PTGS2 is een isozym van PTGS dat is de sleutel enzym in de biosynthese van prostaglandine, en fungeert als een dioxygenase en als peroxidase [38]. De studie van Zhang et al. heeft aangetoond dat er een hypermethylering patroon van de promoter in samenhang met een lager PTGS2 transcriptie in de ontstoken weefsels bij chronische periodontitis [39]. Anderzijds, FosB is een lid van de Fos- genfamilie die leucine zipper eiwitten die dimeriseren met eiwitten van de familie juni [40] codeert. T-celreceptor (TCR) driven vroege genexpressie wordt geregeld door talrijke belangrijke transcriptiefactoren zoals FosB [41]. Bovendien Sreeramkumar et al. hadden gemeld dat PTGS2 was transcriptioneel opgereguleerd in T-cellen tijdens TCR /CD3 triggering en dat gedroeg als een vroege induceerbaar gen in het T cel activering [42]. Bovendien, Chen et al. had aangetoond dat co-stimulerende Signaalverdubbeling van CD28 en TCR nodig waren voor optimale expressie van receptor activator van nucleaire factor KB-ligand (RANKL) in periodontale weefsels [43]. In de huidige studie, de resultaten bleek dat PTGS2
betrokken was bij module 3 en kan worden gereguleerd door FosB in de regelgeving netwerk. Zo hebben we voorgesteld dat PTGS2
een cruciale rol in parodontitis progressie betrekken bij TCR signaleringsroute zou kunnen spelen via de interactie met FosB.
Conclusie
Kortom, deze studie verschillende genen geïdentificeerd (CTSS
, PLEK
, IRF-8
, PTGS2 Kopen en FosB), die betrokken zijn bij de ontwikkeling en progressie van parodontitis. CTSS
een essentiële rol in het botverlies geassocieerd met periodontitis door interactie met IRF8 kunnen spelen.
Trouwens, PLEK
kan bijdragen aan de parodontitis progressie via interactie met IRF-8
. Bovendien kan PTGS2
een cruciale rol in parodontitis progressie betrekken bij TCR signaleringsroute via interactie met FosB spelen.

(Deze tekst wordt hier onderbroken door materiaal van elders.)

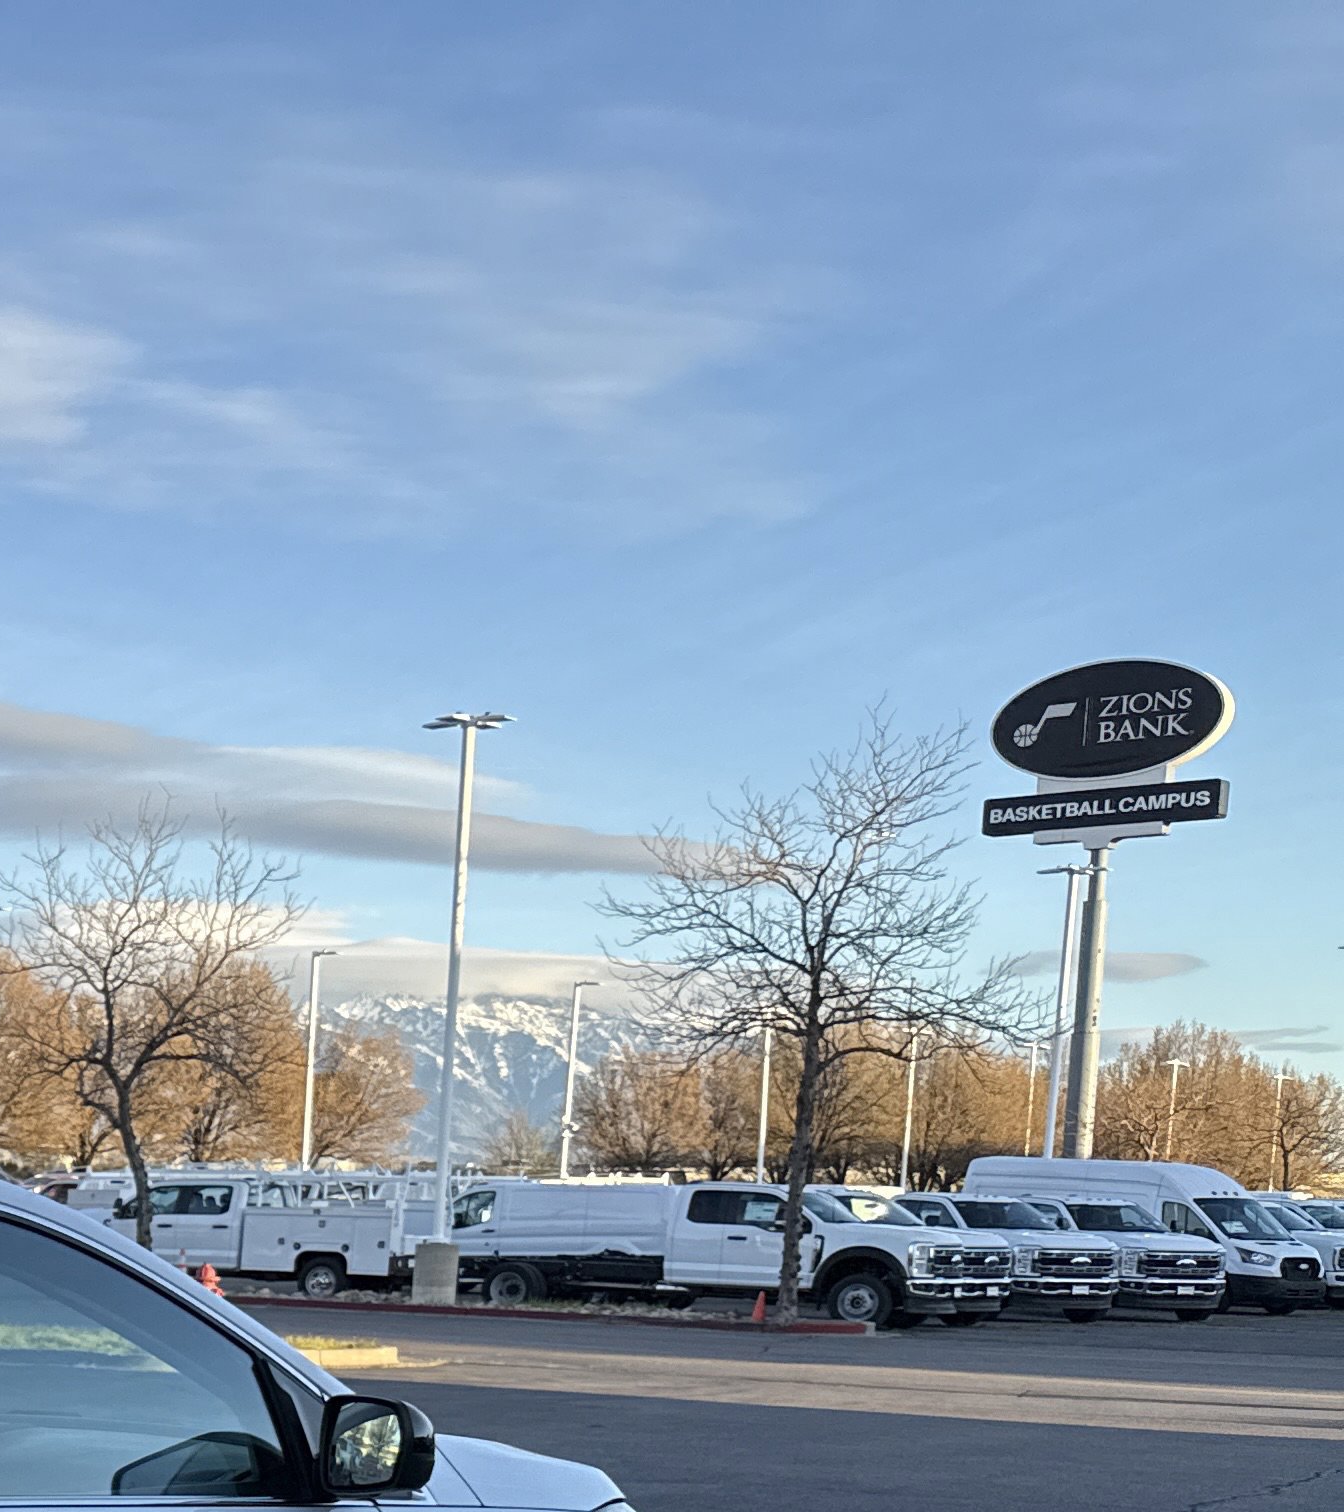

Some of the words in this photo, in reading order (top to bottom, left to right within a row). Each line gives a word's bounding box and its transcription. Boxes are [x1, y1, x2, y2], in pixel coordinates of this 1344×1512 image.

Onze studie kan de theoretische basis voor de toekomstige onderzoeken van parodontitis. Er zijn echter nog experimentele studies nog nodig om onze resultaten te bevestigen
Afkortingen
APC.
Antigeen presenterende cellen
BP:
Biologische processen , CTSS, cathepsine S, CC, Cellular component
degs:
differentieel tot expressie van genen, IRF4, Factor 4, FDR, valse ontdekking rate, GO, Gene Ontology
IL-6:
Interleukine-6
IL-8:
Interleukine-8, KEGG, Kyoto Encyclopedie van genen en genomen
KLF4:
Krüppel-achtige factor 4
MMP:
Matrix metalloproteïnase, MEIS1, Meis homeobox 1
MF:
Molecular functies
MAF:
musculoaponeurotic fibrosarcoom oncogen homoloog, PLEK, Pleckstrin
< DFN> PAMPs:
pathogeen geassocieerde moleculaire patronen
PPI:
eiwit-eiwit interacties
string:
Zoeken Tool voor het ophalen van Interactie Genes /Eiwitten)
Th17:
T-helpercellen 17
TLR:
Toll like receptoren, TF, Transcriptiefactoren
verklaringen
Verantwoording Inloggen Deze studie werd ondersteund door Minhang District jonge arts training plan.
Open Access Dit artikel is onder de voorwaarden van de Creative gedistribueerde Alle auteurs gelezen en goedgekeurd het definitieve manuscript.